Politics - News Analysis

Trump Wanted to Hold Migrants in Guantanamo Bay as ‘Enemy Combatants’

Donald Trump suggested the idea of labeling migrants “enemy combatants” and holding them at Guantanamo Bay, a military base known for detaining terror suspects — and the suggestion “modified” his advisers, according to the book “A Warning” by an anonymous senior Trump administration official.

The author, who reportedly still works in the Trump administration, wrote that Trump believed that if migrants were given “enemy combatant” labels, he would have reason to keep them out of the country.

“It was unclear if someone had planted this in his head or whether he had come up with it on his own, but either way, advisors were mortified,” the author wrote in “A Warning,” which was released on Tuesday.

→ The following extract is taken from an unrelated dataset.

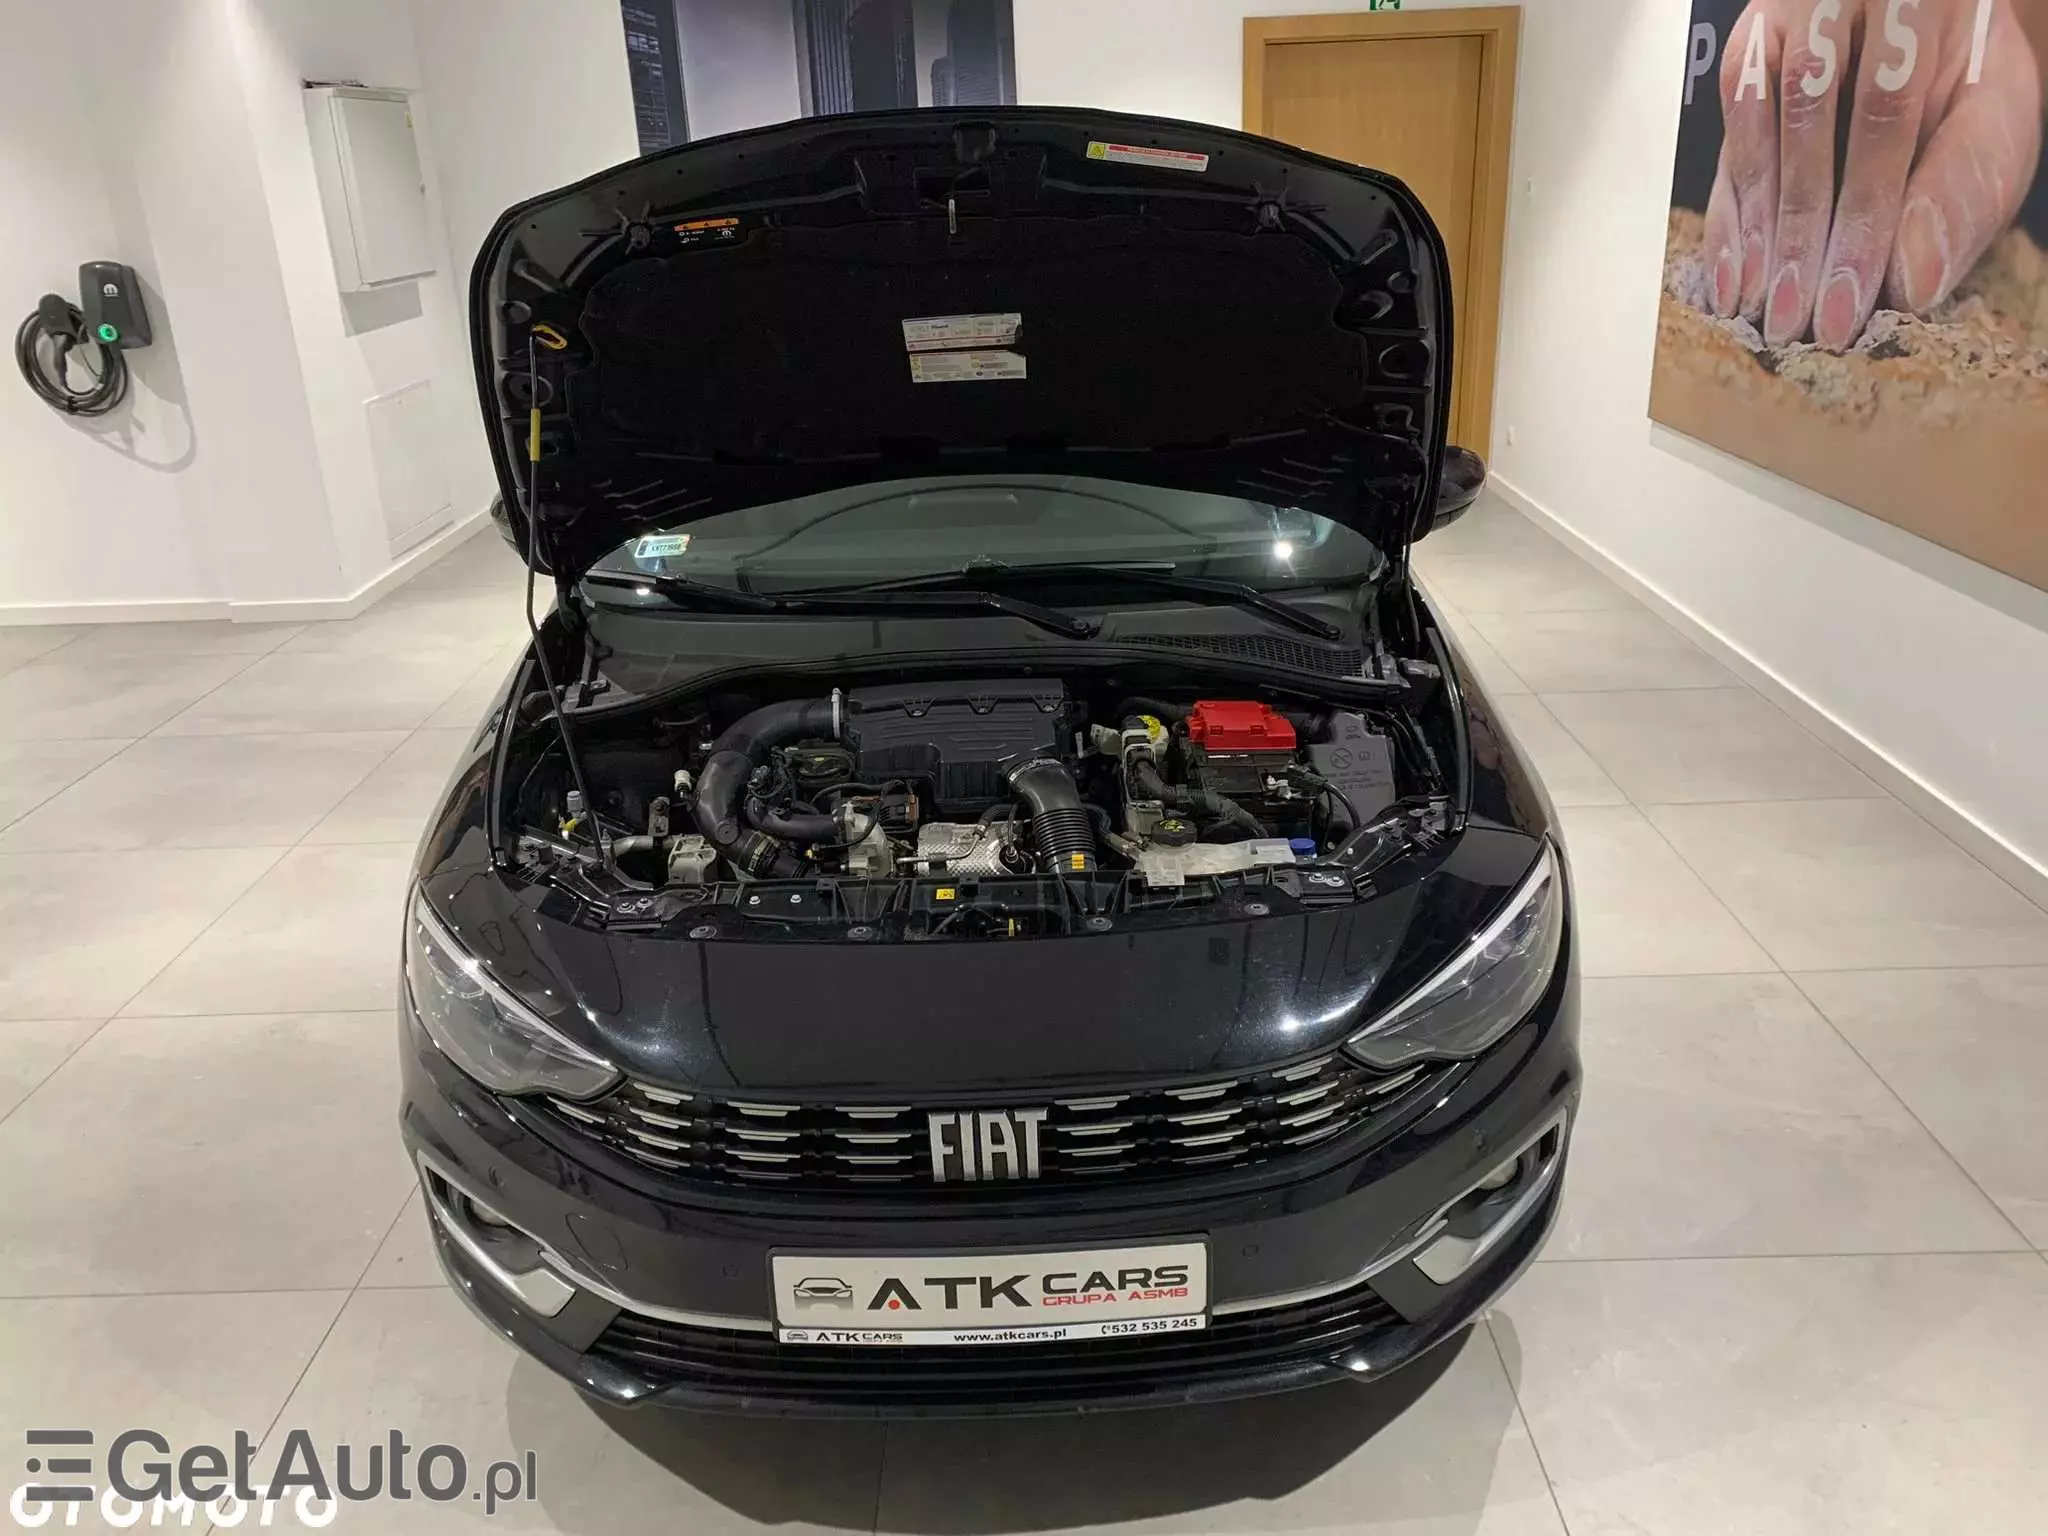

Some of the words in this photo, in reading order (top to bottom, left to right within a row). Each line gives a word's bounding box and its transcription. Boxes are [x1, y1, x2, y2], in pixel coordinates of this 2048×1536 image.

This isn’t the first time the idea has been mentioned. Officials from the Department of Homeland Security also considered housing migrant children at Guantanamo Bay, according to an April report from The New York Times.

The “A Warning” author said Trump floated the idea of changing migrants’ labels in meetings and told “random” advisers is plan. The book said that many advisers froze up, giving him “polite smiles reserved for a deranged relative.”

“Trump went further and mused about shipping migrants to Guantanamo Bay, where hardened terrorists were jailed. In his mind, the deterrent would be a powerful one: Come to the United States illegally, and you will be sent to a remote US detention facility in Cuba to live alongside murderous criminals,” the author said.

The suggestion riled his advisers. One State Department official called the proposal “Bats—,” and another exclaimed “are you f—ing kidding me?” when he was made aware of Trump’s ideas. Advisors shut Trump’s idea down “quickly and quietly” by telling the president that it was impractical and too expensive, the author said.

The anonymous author was against the detainment of holding migrants at Guantanamo, saying: “Migrants seeing shelter in the United States are not ‘enemy combatants.’ They are not engaged in hostilities against the United States on behalf of foreign states or terror groups, even though the president and his border agencies like to insinuate that the throngs of arriving migrants could have dangerous militants in their midst.”

“Enemy combatants” was the legal definition the Bush administration seized upon as a way of skirting international law to justify indefinitely detaining al-Qaida and Taliban suspects picked up in the so-called “war on terror” after 9/11. Its use to bypass federal courts and hold terror suspects in the extrajudicial military setting of the US naval base at Guantánamo Bay, Cuba, was condemned around the world.

Using the same designation for undocumented migrants would have taken the concept to another level entirely. As Anonymous points out, migrants are neither enemies nor combatants, as they are not engaged in hostilities against the US.

The author calls the idea morally offensive and “truly insane, on its face, for America to send migrant children and families to a terrorist prison in Cuba”.